The main limitations of the study were the limited number of samples tested, especially the number of low positive P. vivax aliquots and the use of frozen samples, although no other option was available. Indeed, it has been claimed by some RDT manufacturers that frozen blood samples are not optimum for RDT testing. They argue that malaria RDTs are optimized and recommended to be used with fresh finger-prick blood and that frozen blood samples could lead to aggregation, precipitation and leeching out of artefacts into the thawed blood. As all RDTs use a porous nitrocellulose membrane, the presence of artefacts clogging the membrane can alter the flow properties of the reagents and affect the completion of the test run in specified time.
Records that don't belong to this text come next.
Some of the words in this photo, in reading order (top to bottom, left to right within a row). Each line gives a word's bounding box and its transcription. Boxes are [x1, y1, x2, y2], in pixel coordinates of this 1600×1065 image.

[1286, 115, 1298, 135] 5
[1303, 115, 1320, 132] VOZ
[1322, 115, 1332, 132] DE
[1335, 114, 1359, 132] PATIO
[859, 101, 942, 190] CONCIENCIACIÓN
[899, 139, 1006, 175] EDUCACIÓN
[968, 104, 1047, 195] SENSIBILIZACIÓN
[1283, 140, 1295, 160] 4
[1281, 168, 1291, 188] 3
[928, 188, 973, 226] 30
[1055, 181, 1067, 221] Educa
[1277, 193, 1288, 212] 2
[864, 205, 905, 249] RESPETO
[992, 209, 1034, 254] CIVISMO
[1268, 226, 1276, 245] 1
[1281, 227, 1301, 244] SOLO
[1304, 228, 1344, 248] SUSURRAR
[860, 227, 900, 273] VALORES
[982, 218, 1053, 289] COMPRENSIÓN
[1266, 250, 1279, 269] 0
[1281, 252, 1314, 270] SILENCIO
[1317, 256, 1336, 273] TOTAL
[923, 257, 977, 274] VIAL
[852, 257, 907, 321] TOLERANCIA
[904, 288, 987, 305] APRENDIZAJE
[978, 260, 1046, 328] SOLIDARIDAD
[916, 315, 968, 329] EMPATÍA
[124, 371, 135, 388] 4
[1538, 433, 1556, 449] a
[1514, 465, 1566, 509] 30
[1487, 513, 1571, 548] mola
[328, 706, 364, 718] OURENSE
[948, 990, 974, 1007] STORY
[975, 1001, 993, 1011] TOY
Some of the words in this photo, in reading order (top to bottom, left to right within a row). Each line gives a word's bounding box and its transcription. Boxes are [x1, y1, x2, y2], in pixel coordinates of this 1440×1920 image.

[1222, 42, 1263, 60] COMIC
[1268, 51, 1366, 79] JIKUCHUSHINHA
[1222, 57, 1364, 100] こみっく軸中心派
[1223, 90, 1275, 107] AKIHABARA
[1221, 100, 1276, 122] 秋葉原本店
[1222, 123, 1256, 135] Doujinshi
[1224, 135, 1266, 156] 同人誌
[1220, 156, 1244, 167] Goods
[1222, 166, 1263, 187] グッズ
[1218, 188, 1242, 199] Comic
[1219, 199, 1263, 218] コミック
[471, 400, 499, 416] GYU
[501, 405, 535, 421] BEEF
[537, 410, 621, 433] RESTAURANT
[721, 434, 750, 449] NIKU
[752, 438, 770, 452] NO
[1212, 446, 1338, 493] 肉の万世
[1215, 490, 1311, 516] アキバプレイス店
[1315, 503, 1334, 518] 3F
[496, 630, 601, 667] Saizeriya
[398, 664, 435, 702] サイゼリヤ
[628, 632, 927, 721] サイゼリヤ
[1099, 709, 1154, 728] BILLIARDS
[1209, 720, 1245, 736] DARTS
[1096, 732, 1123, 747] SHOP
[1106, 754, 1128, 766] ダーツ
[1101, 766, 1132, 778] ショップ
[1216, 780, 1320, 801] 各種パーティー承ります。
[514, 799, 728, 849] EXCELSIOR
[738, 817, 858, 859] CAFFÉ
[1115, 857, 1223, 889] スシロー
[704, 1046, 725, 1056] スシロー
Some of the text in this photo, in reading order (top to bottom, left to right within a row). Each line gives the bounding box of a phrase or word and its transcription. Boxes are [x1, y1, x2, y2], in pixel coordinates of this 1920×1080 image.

As a future option, WHO, TDR and FIND, along with other partners, have started the development of a generation of lot-testing samples based on the use of recombinant proteins, which could be used by community health workers to confirm quality of RDTs and significantly increase the confidence of national malaria control programmes in the results of RDTs.

Conclusions

The data presented in this study clearly demonstrate that the performance of the VIKIA® Malaria AgPf/Pan rapid test performed by traditional end-users in field conditions is similar to those obtained by a research team, and that VIKIA® Malaria AgPf/Pan can be considered as a point-of-care test. In addition, the protocol designed for this study, using well-characterized and calibrated blood samples at 2,000 and 200 parasites/μL could be used systematically in parallel to conventional evaluation studies [7] to determine the performance of malaria RDTs in field conditions.